Copy everything in the records exactly; the pictures stay out.

━━━

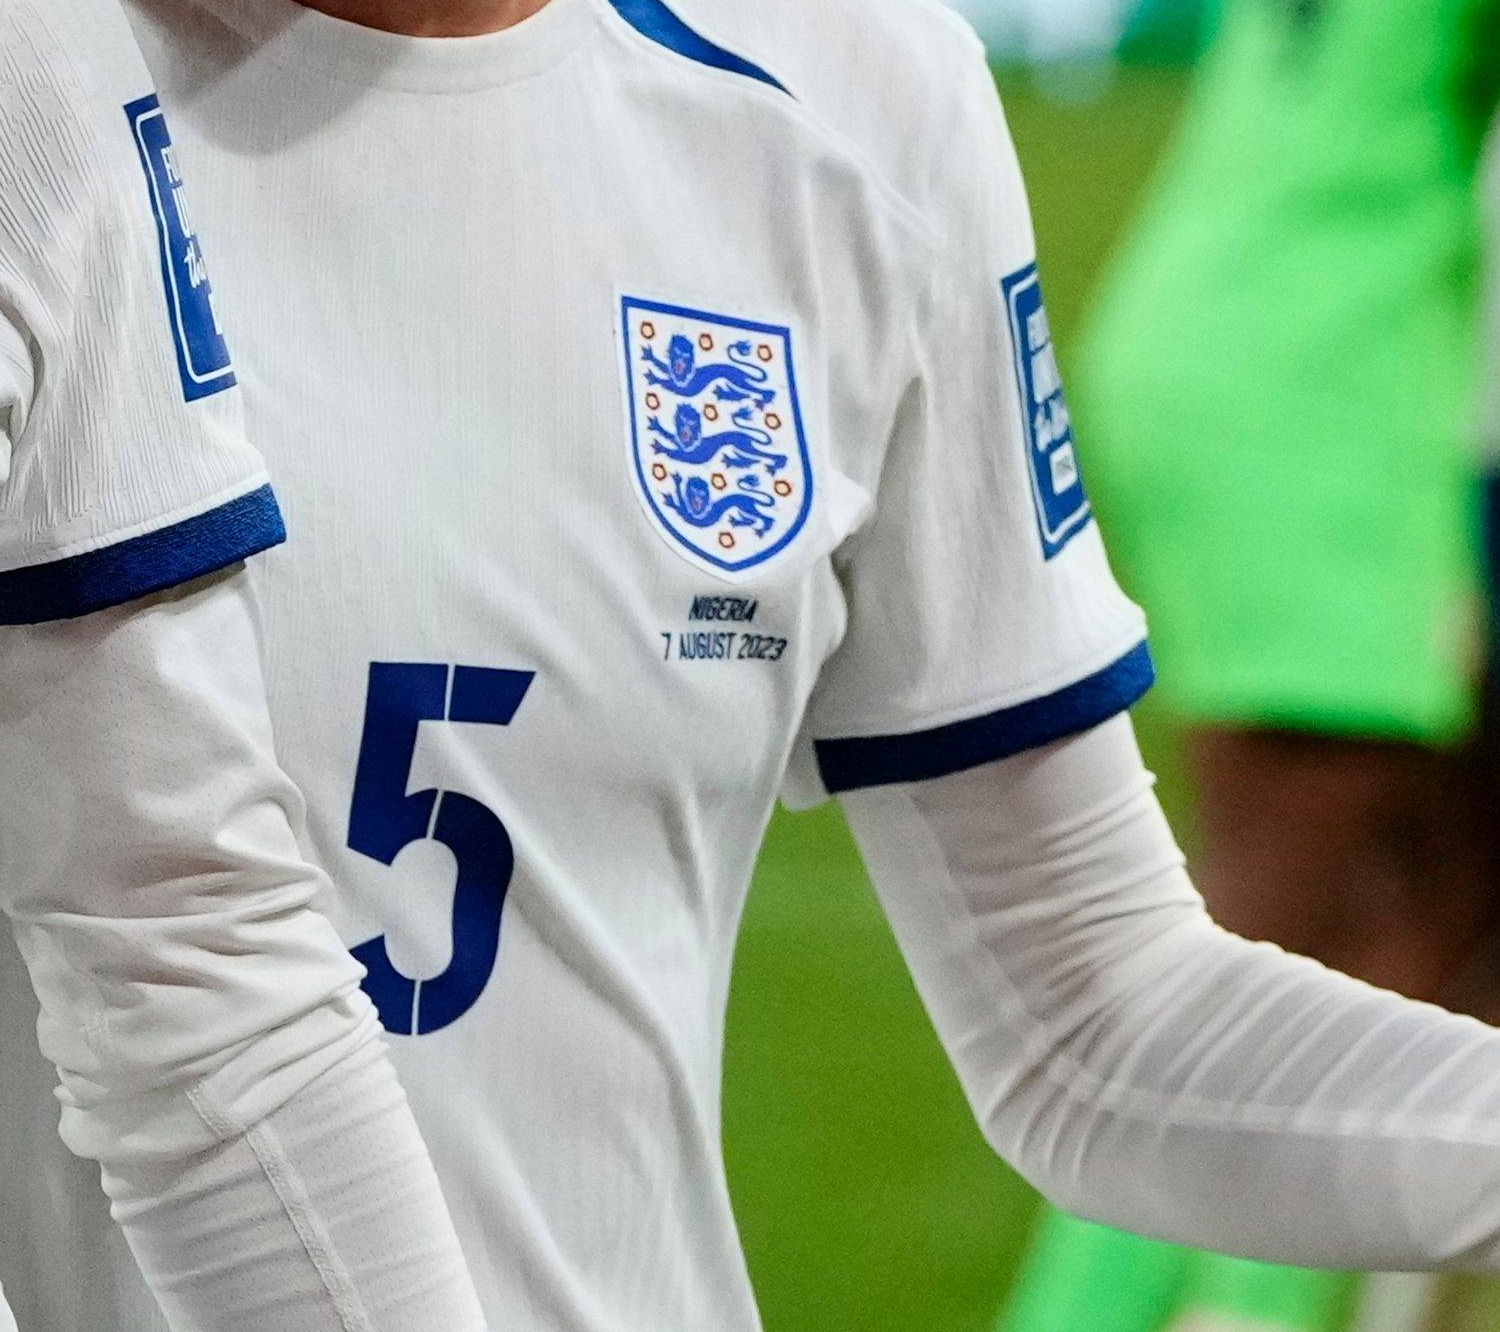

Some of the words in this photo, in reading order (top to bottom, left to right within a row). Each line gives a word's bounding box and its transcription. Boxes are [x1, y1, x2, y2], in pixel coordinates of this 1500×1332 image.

[688, 594, 760, 622] NIGERIA
[661, 631, 672, 661] 7
[679, 631, 737, 659] AUGUST
[737, 632, 788, 661] 2023
[346, 660, 537, 1036] 5

━━━

* ANSWER BOX:
Some of the words in this photo, in reading order (top to bottom, left to right within a row). Each line gives a word's bounding box and its transcription. Boxes are [x1, y1, x2, y2], in pixel coordinates of this 1500×1332 image.

[688, 594, 760, 622] NIGERIA
[661, 631, 672, 661] 7
[679, 631, 737, 659] AUGUST
[737, 632, 788, 661] 2023
[346, 660, 537, 1036] 5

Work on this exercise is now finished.